_Records_
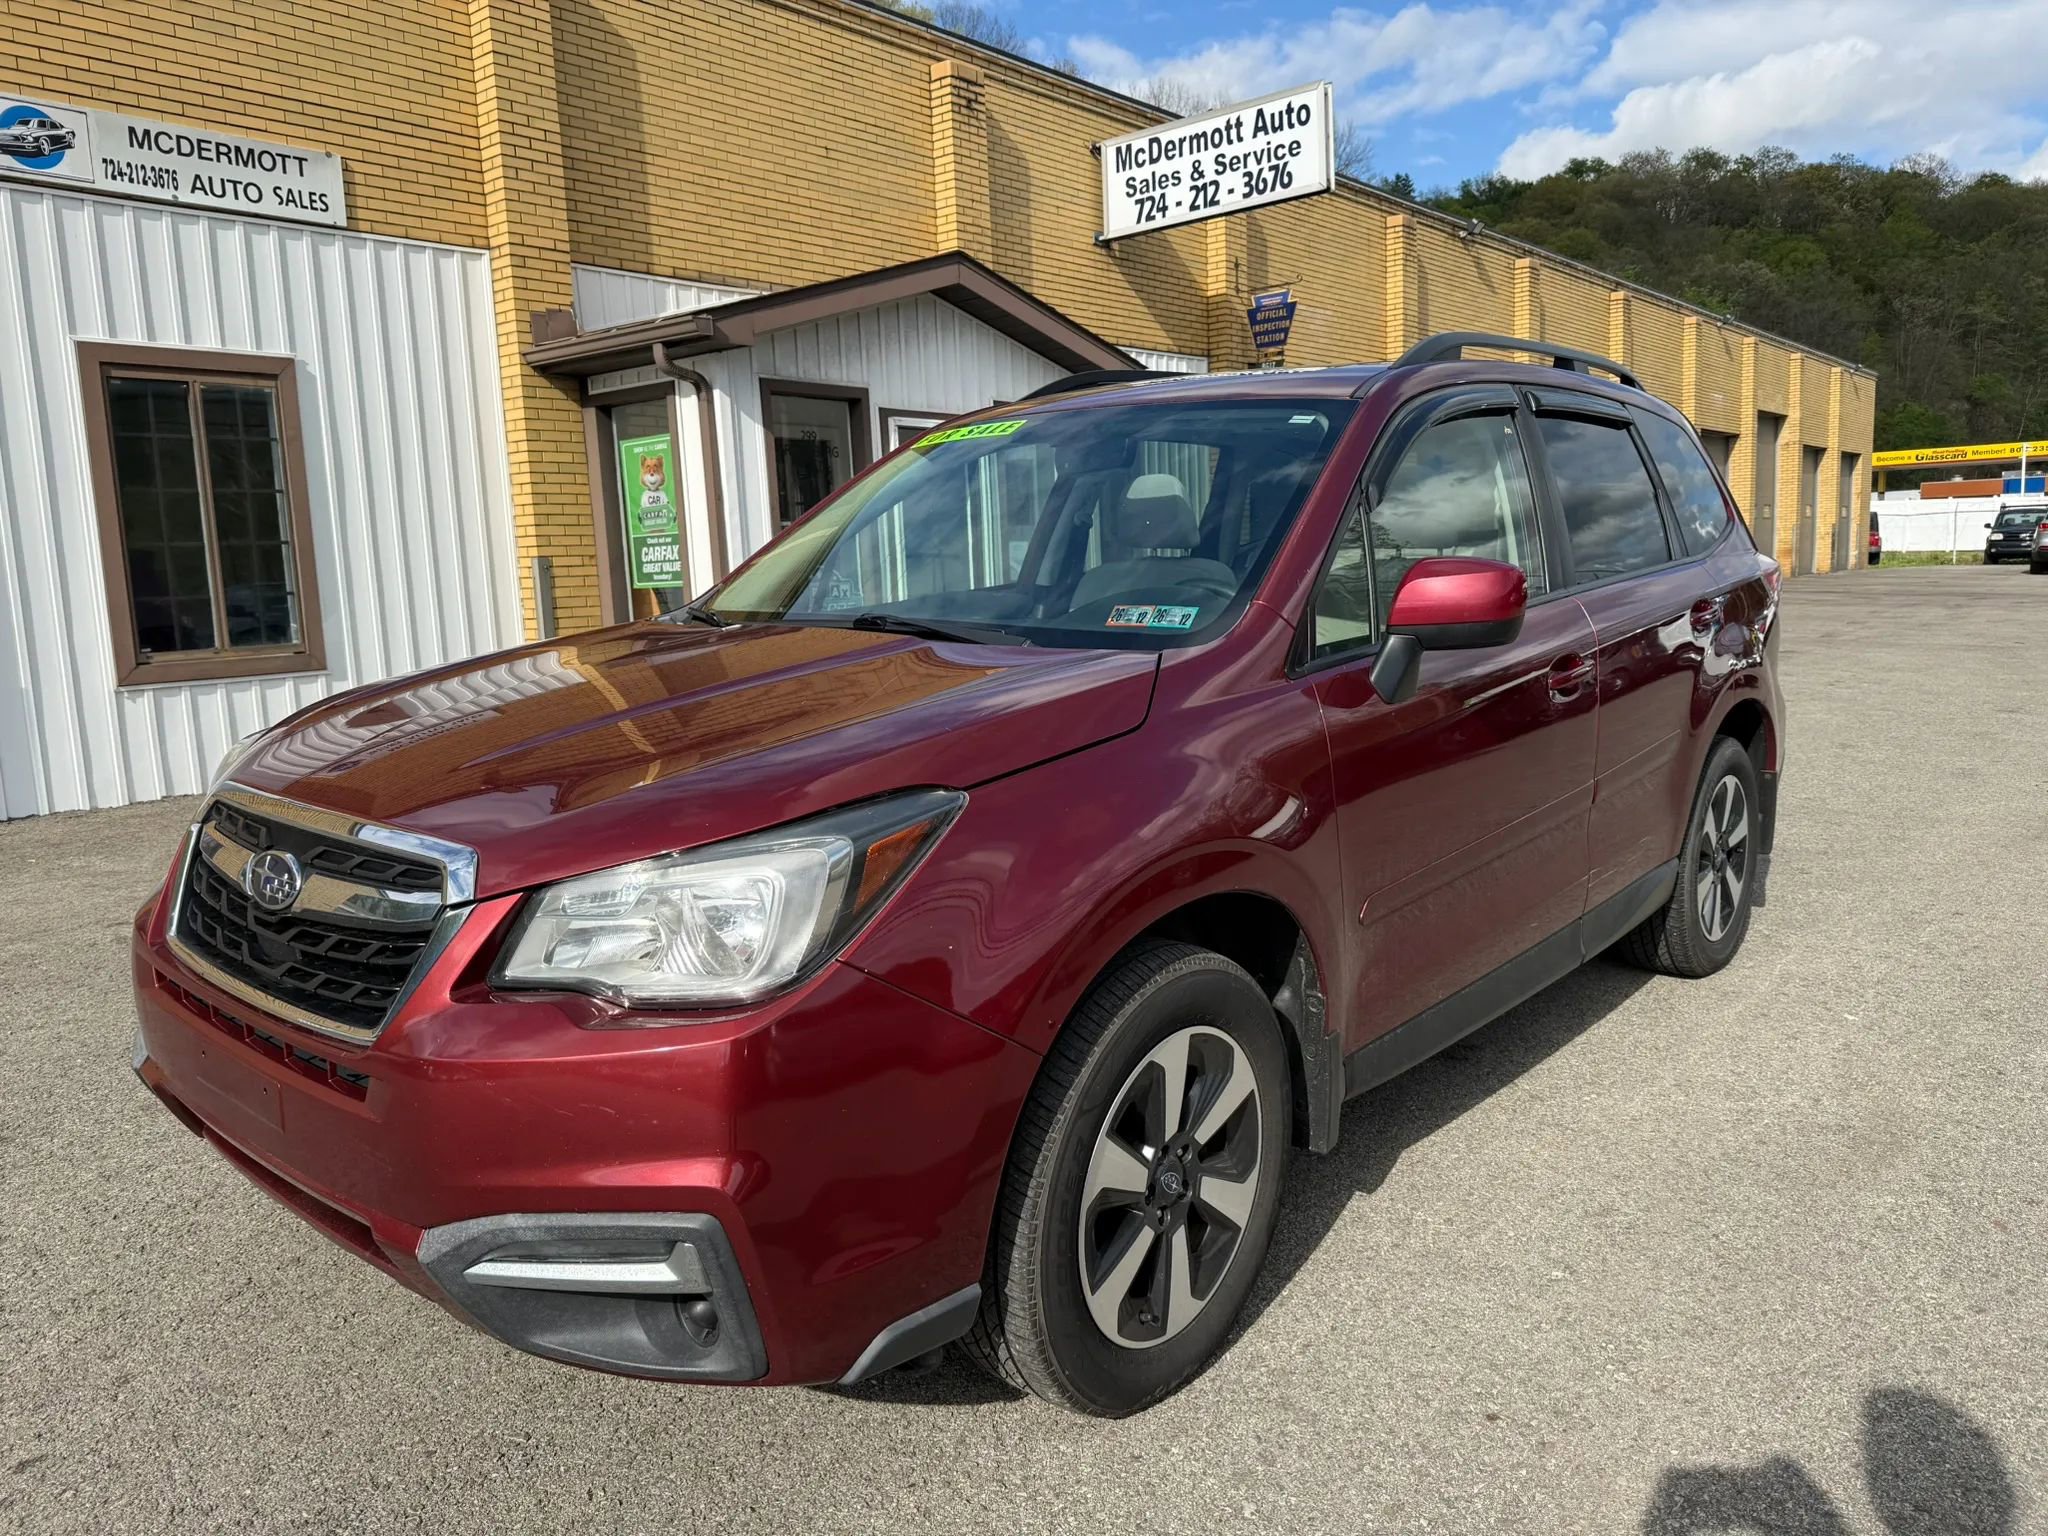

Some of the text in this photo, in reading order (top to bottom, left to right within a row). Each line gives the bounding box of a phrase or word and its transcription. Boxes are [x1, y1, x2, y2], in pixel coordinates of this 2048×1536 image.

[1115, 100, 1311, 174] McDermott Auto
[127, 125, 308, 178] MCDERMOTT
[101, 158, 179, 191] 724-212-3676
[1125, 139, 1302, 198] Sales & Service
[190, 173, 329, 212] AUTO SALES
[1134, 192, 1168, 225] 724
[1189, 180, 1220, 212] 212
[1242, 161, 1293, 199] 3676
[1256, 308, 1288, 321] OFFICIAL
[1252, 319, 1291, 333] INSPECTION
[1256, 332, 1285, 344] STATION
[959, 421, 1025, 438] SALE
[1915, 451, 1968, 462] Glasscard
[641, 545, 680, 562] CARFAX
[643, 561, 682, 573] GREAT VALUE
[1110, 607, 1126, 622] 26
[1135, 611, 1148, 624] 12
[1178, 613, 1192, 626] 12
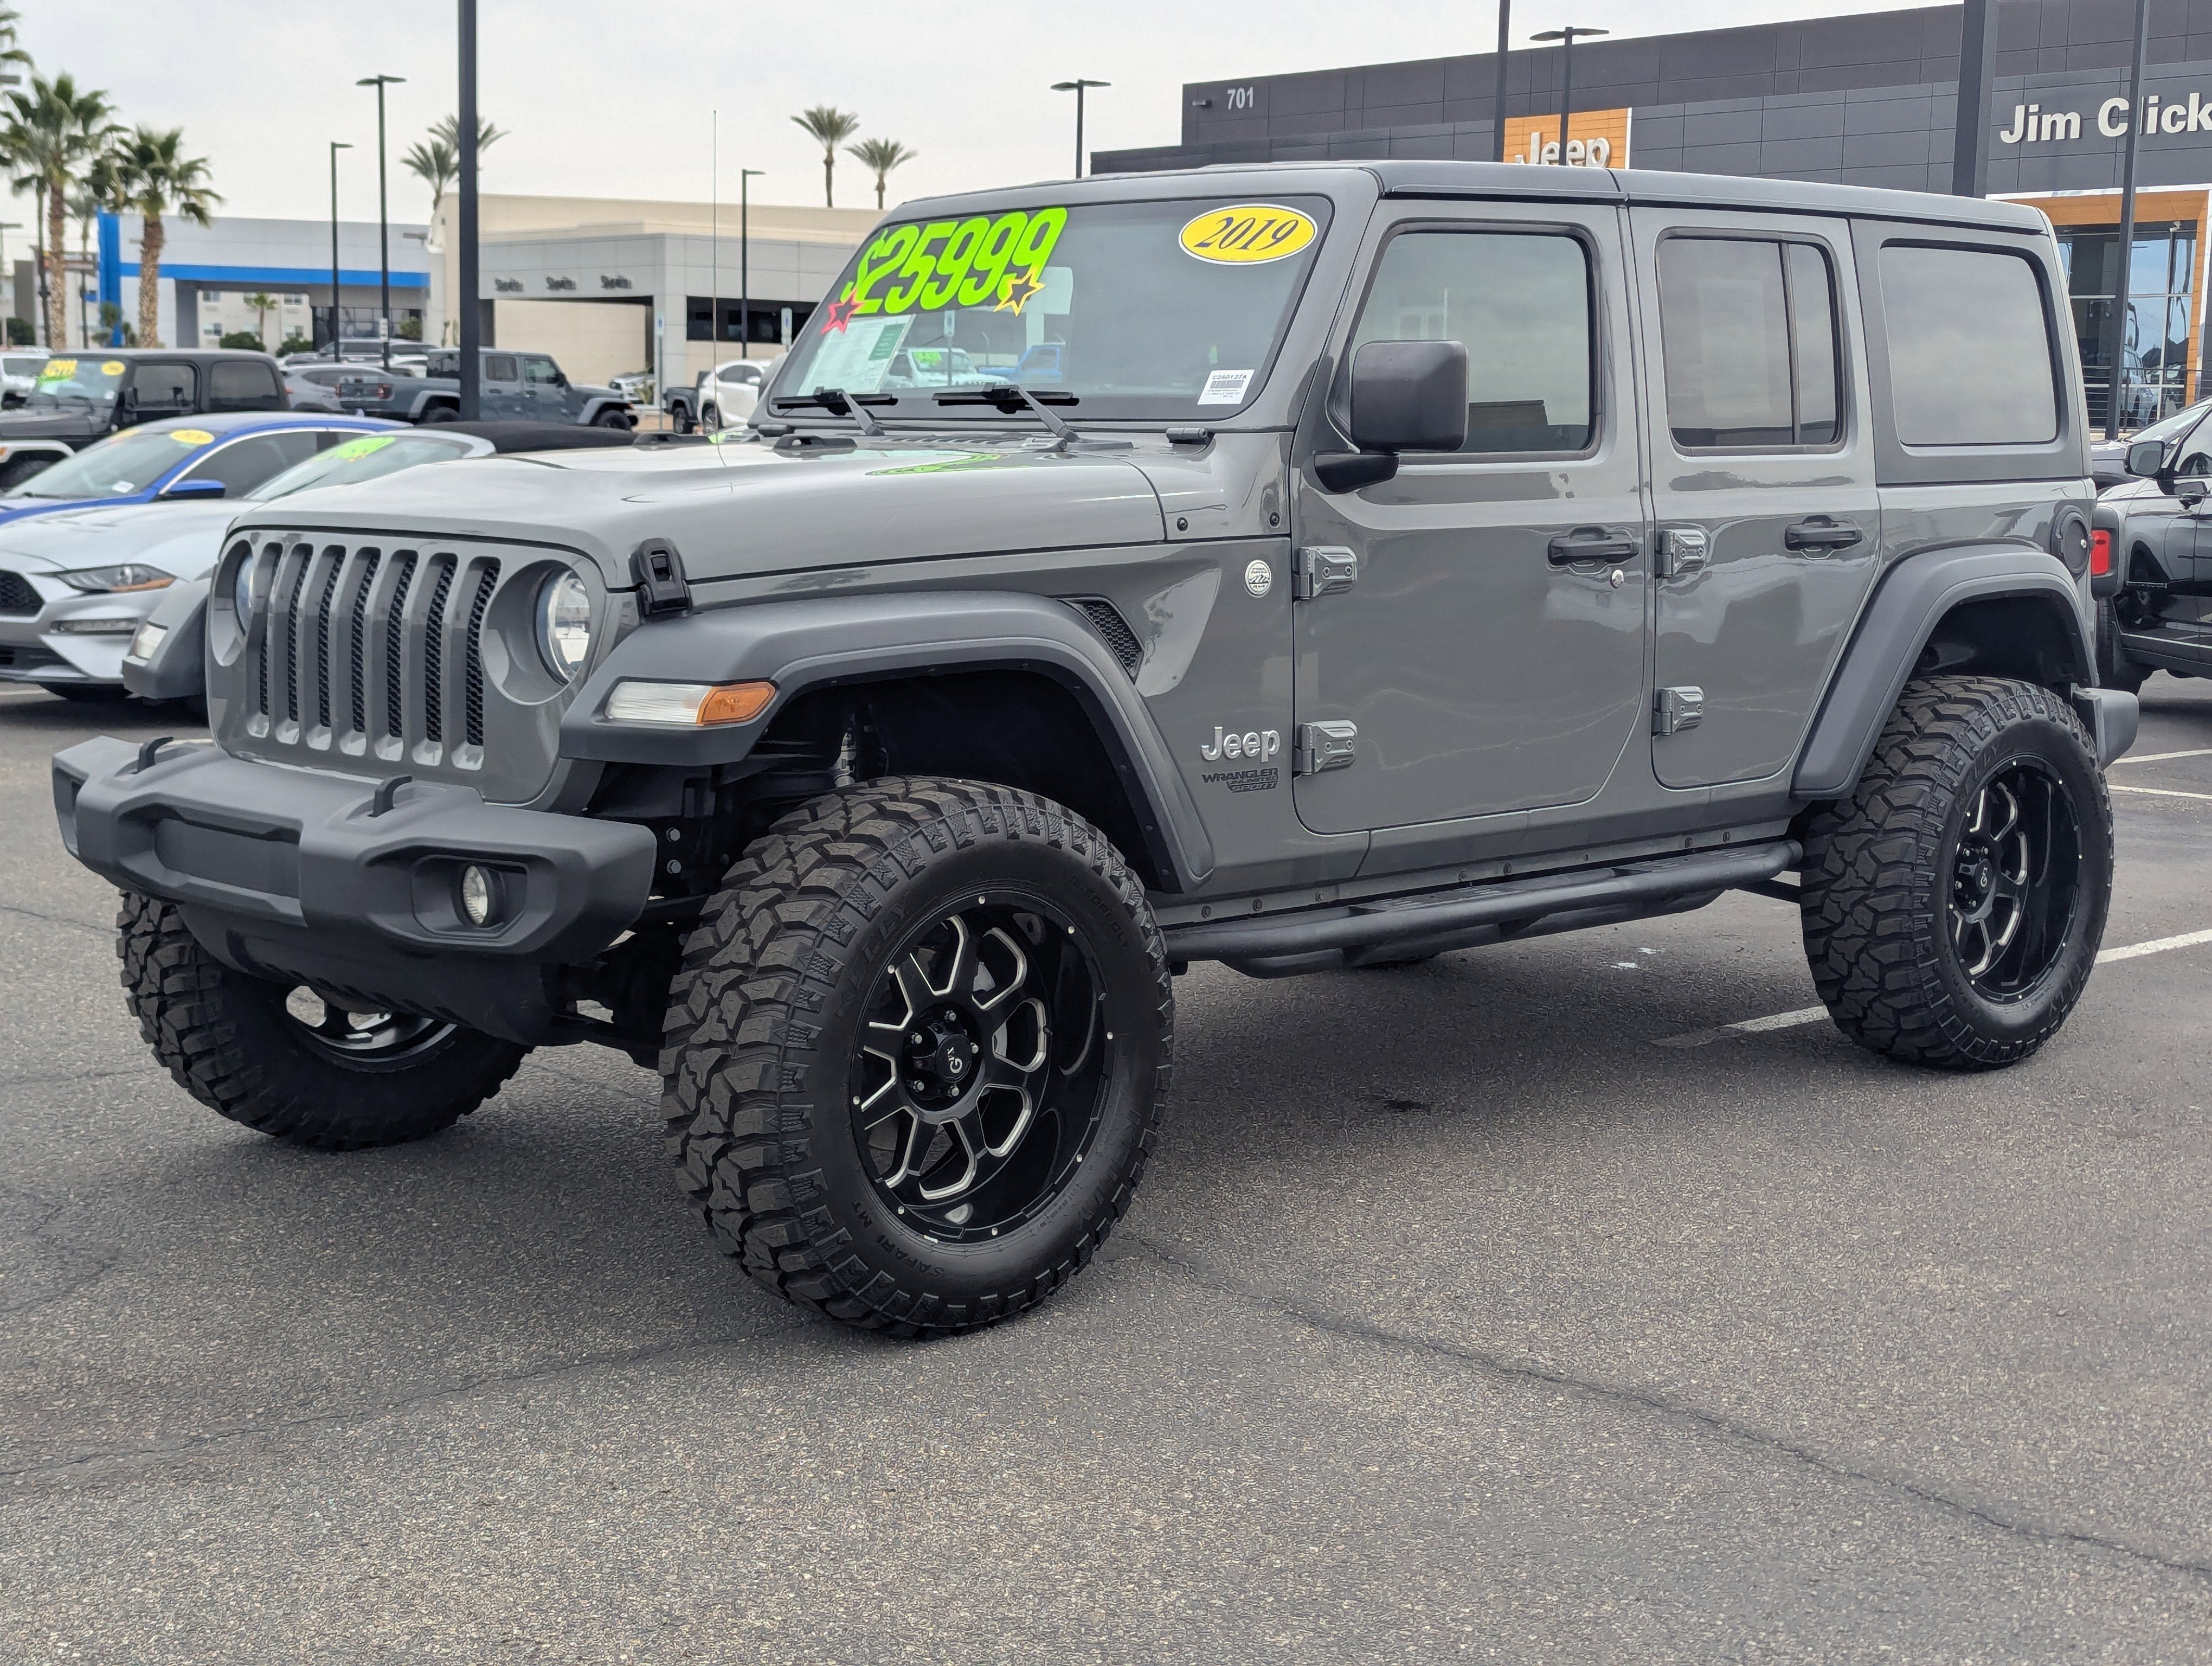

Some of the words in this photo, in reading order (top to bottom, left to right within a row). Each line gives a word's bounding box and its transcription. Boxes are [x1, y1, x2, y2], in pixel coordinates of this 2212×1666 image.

_Exercise prompt_
You need to restate all of the entries above exactly and leave the pictures behind.

_Task solution_
Some of the text in this photo, in reading order (top to bottom, left to right within a row). Each line gives the bounding box of a phrase or word and its transcription. Boxes are [x1, y1, x2, y2], in pixel coordinates of this 2048×1536 image.

[1115, 100, 1311, 174] McDermott Auto
[127, 125, 308, 178] MCDERMOTT
[101, 158, 179, 191] 724-212-3676
[1125, 139, 1302, 198] Sales & Service
[190, 173, 329, 212] AUTO SALES
[1134, 192, 1168, 225] 724
[1189, 180, 1220, 212] 212
[1242, 161, 1293, 199] 3676
[1256, 308, 1288, 321] OFFICIAL
[1252, 319, 1291, 333] INSPECTION
[1256, 332, 1285, 344] STATION
[959, 421, 1025, 438] SALE
[1915, 451, 1968, 462] Glasscard
[641, 545, 680, 562] CARFAX
[643, 561, 682, 573] GREAT VALUE
[1110, 607, 1126, 622] 26
[1135, 611, 1148, 624] 12
[1178, 613, 1192, 626] 12

Some of the words in this photo, in reading order (top to bottom, left to right within a row). Each line gives a word's bounding box and its transcription. Boxes are [x1, y1, x2, y2], in pixel coordinates of this 2212×1666 image.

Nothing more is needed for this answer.